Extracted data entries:
========

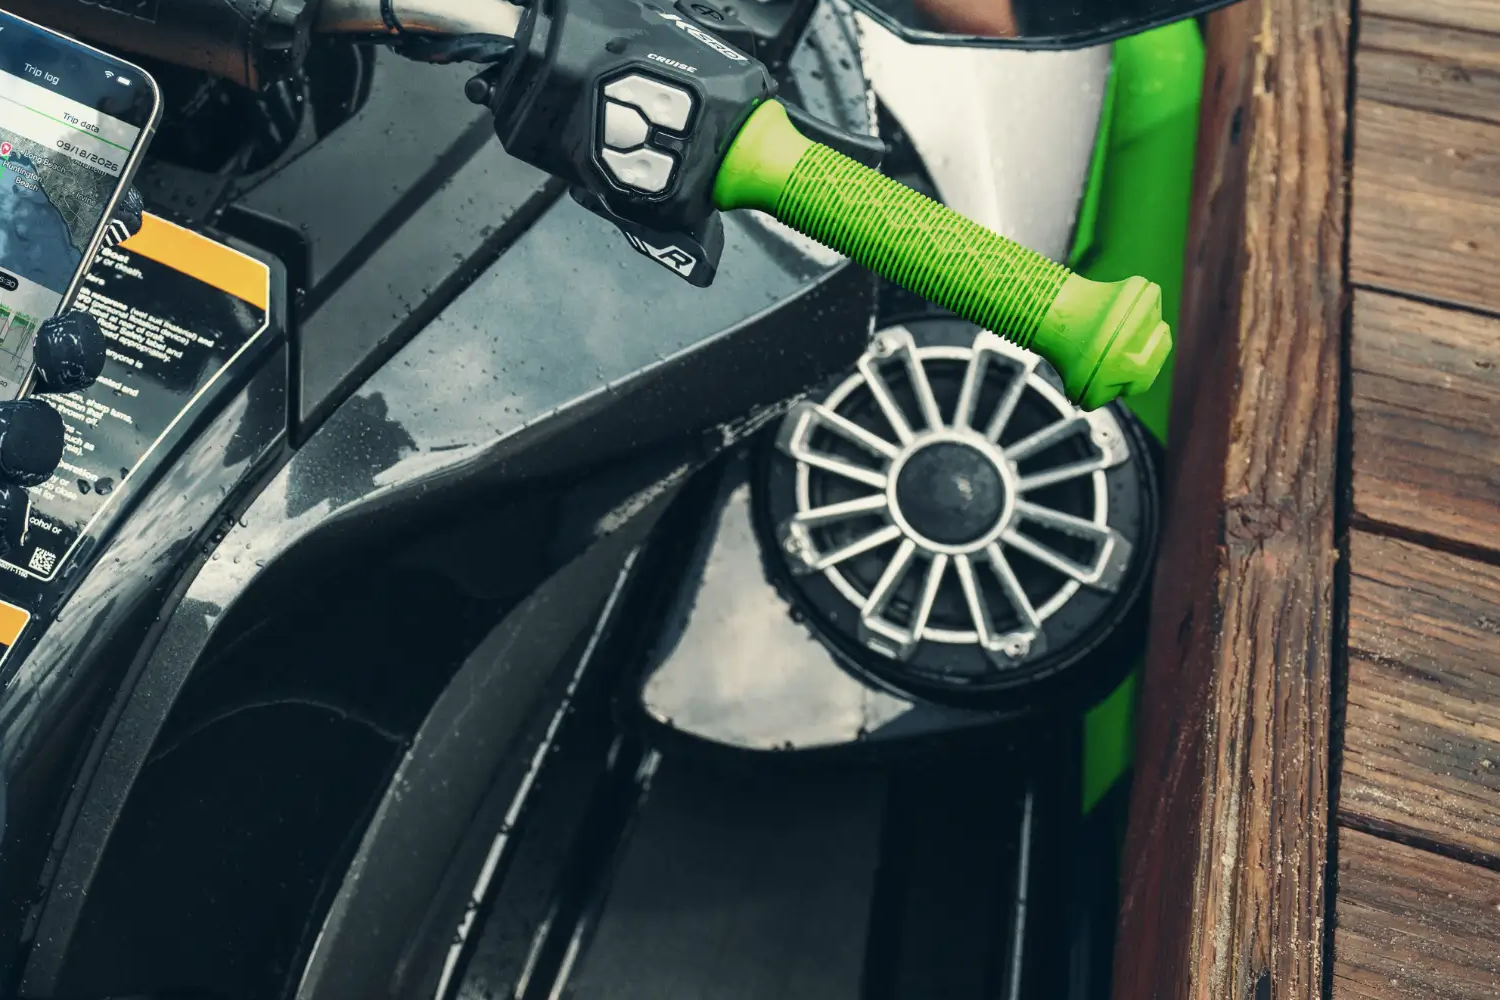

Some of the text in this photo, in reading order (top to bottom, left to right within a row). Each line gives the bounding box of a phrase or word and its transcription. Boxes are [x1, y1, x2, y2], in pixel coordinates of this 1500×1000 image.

[647, 53, 698, 73] CRUISE
[24, 62, 60, 86] Trip log
[63, 112, 100, 134] Trip data
[24, 150, 67, 174] Long Beach
[56, 140, 119, 172] 09/18/2026
[3, 161, 42, 182] Huntington
[15, 176, 39, 192] Beach
[76, 193, 97, 205] Irvine
[29, 516, 62, 535] cohol or
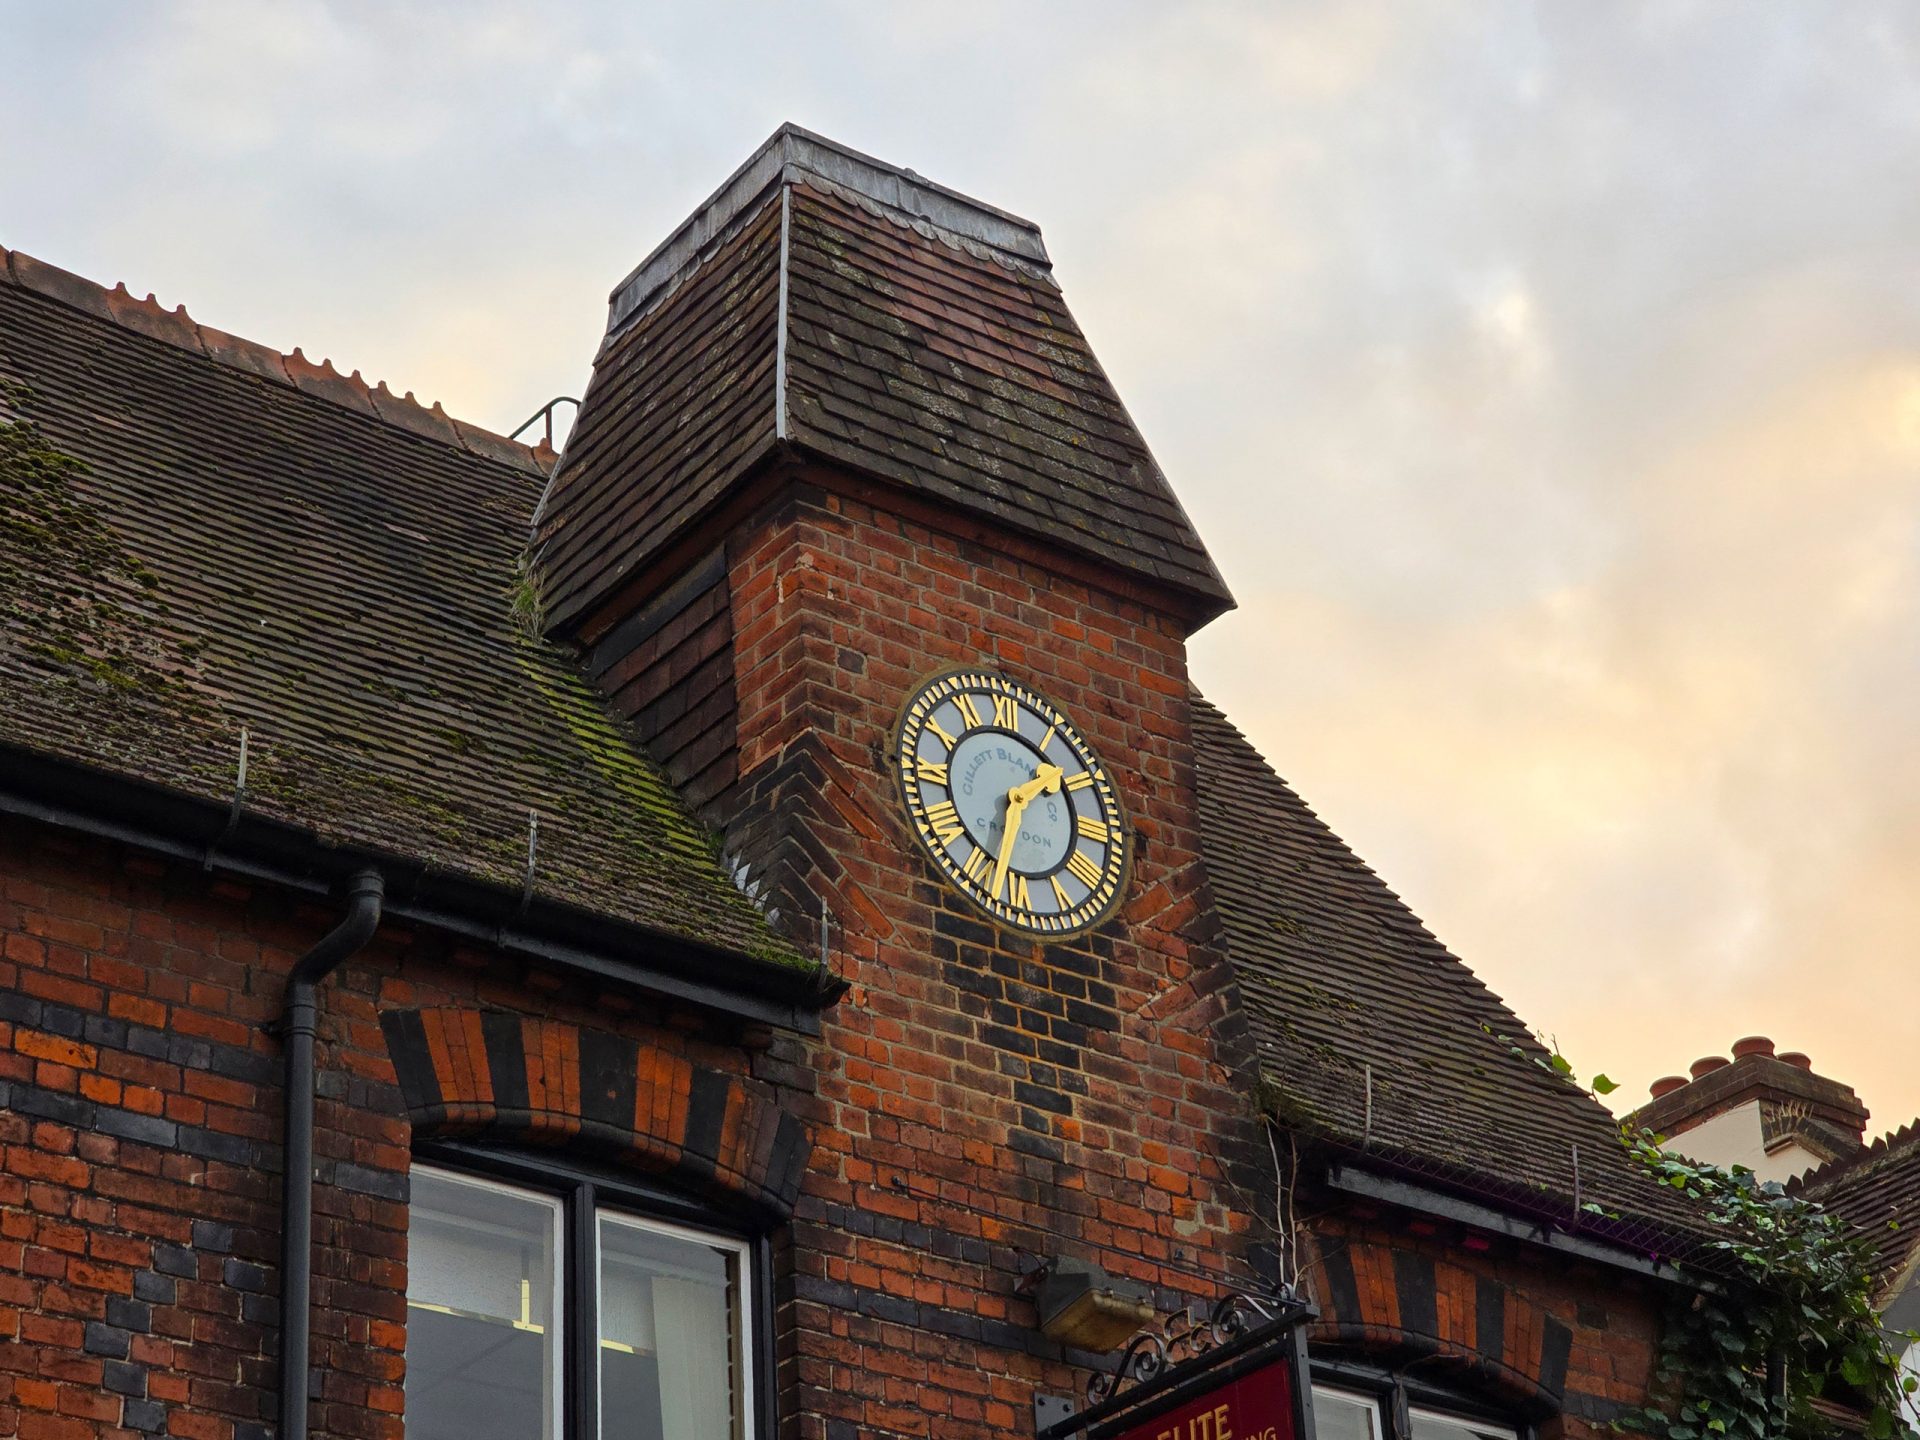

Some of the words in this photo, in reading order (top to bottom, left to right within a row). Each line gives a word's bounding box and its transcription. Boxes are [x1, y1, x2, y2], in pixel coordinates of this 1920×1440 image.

[952, 693, 983, 730] XI
[992, 693, 1018, 732] XII
[925, 715, 957, 751] X
[917, 756, 948, 785] IX
[962, 749, 993, 796] GILLETT
[1064, 770, 1094, 792] II
[925, 800, 965, 846] VIII
[976, 817, 1052, 848] CRODON
[1077, 815, 1108, 843] III
[1009, 871, 1032, 911] VI
[1050, 875, 1075, 911] V
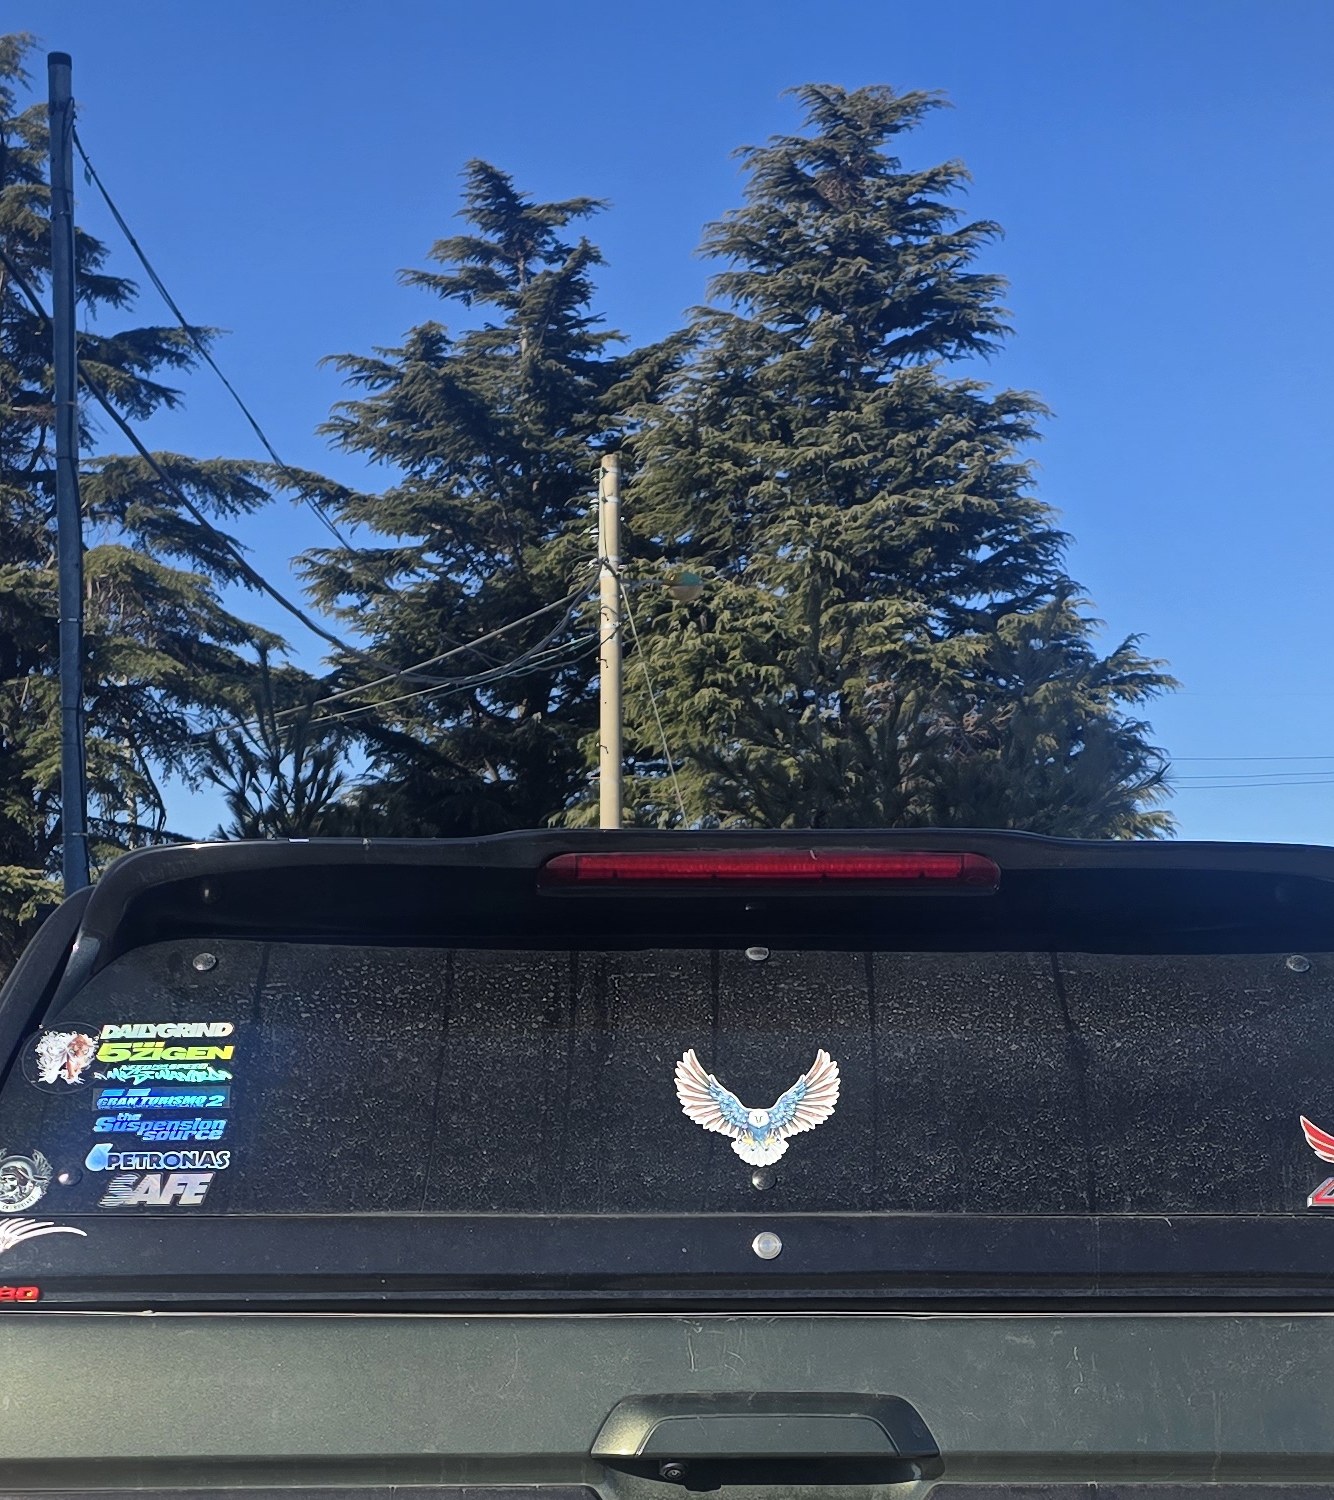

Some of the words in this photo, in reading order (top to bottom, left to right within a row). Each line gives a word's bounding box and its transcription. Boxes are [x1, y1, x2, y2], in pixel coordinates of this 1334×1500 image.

[99, 1022, 234, 1040] DAILYGRIND
[205, 1094, 226, 1107] 2
[93, 1116, 227, 1136] Suspension
[117, 1112, 142, 1122] the
[141, 1129, 224, 1141] source
[106, 1151, 230, 1170] PETRONAS
[98, 1173, 215, 1207] SAFE

========

-- INSTRUCTIONS FOR THE TASK --
The answer is a faithful copy of the records above, with the pictures removed.

-- RESPONSE TO THIS TASK --
Some of the text in this photo, in reading order (top to bottom, left to right within a row). Each line gives the bounding box of a phrase or word and its transcription. Boxes are [x1, y1, x2, y2], in pixel coordinates of this 1500×1000 image.

[647, 53, 698, 73] CRUISE
[24, 62, 60, 86] Trip log
[63, 112, 100, 134] Trip data
[24, 150, 67, 174] Long Beach
[56, 140, 119, 172] 09/18/2026
[3, 161, 42, 182] Huntington
[15, 176, 39, 192] Beach
[76, 193, 97, 205] Irvine
[29, 516, 62, 535] cohol or

Some of the words in this photo, in reading order (top to bottom, left to right within a row). Each line gives a word's bounding box and its transcription. Boxes are [x1, y1, x2, y2], in pixel coordinates of this 1920×1440 image.

[952, 693, 983, 730] XI
[992, 693, 1018, 732] XII
[925, 715, 957, 751] X
[917, 756, 948, 785] IX
[962, 749, 993, 796] GILLETT
[1064, 770, 1094, 792] II
[925, 800, 965, 846] VIII
[976, 817, 1052, 848] CRODON
[1077, 815, 1108, 843] III
[1009, 871, 1032, 911] VI
[1050, 875, 1075, 911] V

Some of the words in this photo, in reading order (top to bottom, left to right within a row). Each line gives a word's bounding box and its transcription. Boxes are [x1, y1, x2, y2], in pixel coordinates of this 1334×1500 image.

[99, 1022, 234, 1040] DAILYGRIND
[205, 1094, 226, 1107] 2
[93, 1116, 227, 1136] Suspension
[117, 1112, 142, 1122] the
[141, 1129, 224, 1141] source
[106, 1151, 230, 1170] PETRONAS
[98, 1173, 215, 1207] SAFE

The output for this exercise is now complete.